Personal information
- Full name: Henry Adam Peter Yager
- Born: 28 November 1874 Fitzroy North, Victoria
- Died: 15 February 1915 (aged 40) Melbourne, Victoria
- Original team: Fitzroy Juniors

Playing career^{1}
- Years: Club / Games (Goals)
- 1897: Fitzroy / 1 (0)
- ^{1} Playing statistics correct to the end of 1897.

= Henry Yager (footballer) =

Australian rules footballer

Henry Yager (28 November 1874 – 15 February 1915) was an Australian rules footballer who played with Fitzroy in the Victorian Football League.

Born in Fitzroy North to John G. Yager, who would later serve as Mayor of Fitzroy from 1892-93. Yager had a brother, Phillip, and two sisters, Lizzie and Mary.

After playing with the Fitzroy Juniors, Yager was part of Fitzroy's senior squad for the inaugural VFL season in 1897. He made his VFL debut in Round 9 on 3 July 1897 against St Kilda at Brunswick Street Oval. This was to be Yager's only VFL game.

Following the outbreak of war in 1899, Yager enlisted in the 5th Victorian Mounted Rifles (as "Harry Yager").
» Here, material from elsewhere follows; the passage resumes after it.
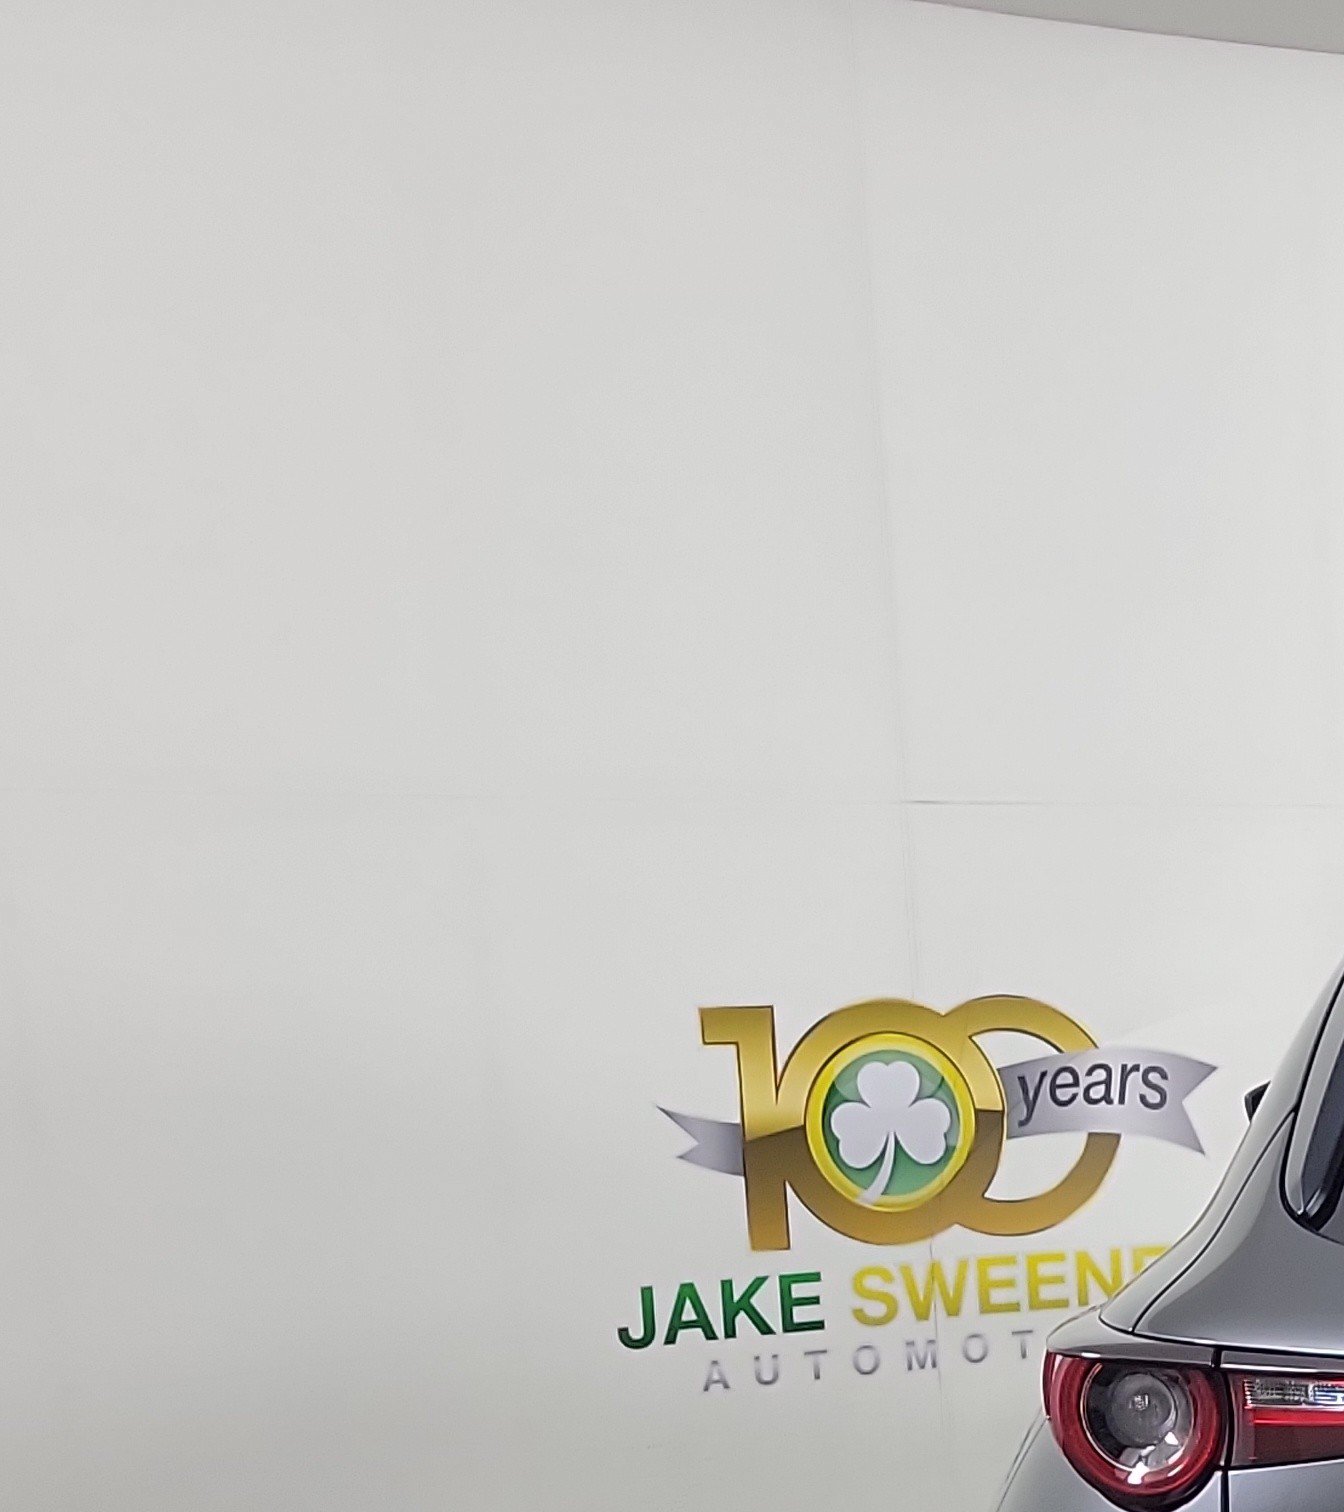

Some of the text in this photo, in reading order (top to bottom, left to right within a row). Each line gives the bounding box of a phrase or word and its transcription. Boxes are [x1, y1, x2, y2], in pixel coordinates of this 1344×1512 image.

In recognition of his service, Yager was awarded the Queen's South Africa Medal with three campaign clasps.

Yager was also a member of the Cumberland Cricket Club and worked at the local Hoffman Brickworks, where he was active in the Pottery and Tile Association.

Yager died in Melbourne Hospital on 15 February 1915 following "a long illness from dropsy and heart trouble." The burial service was Church of England.

==Sources==
- Cullen, B. (2015) Harder than football, Slattery Media Group: Melbourne, ISBN 9780992379148.
- Holmesby, R. & Main, J. (2009) The Encyclopedia of AFL Footballers, 8th ed. Bas Publishing: Melbourne, ISBN 9781920910198.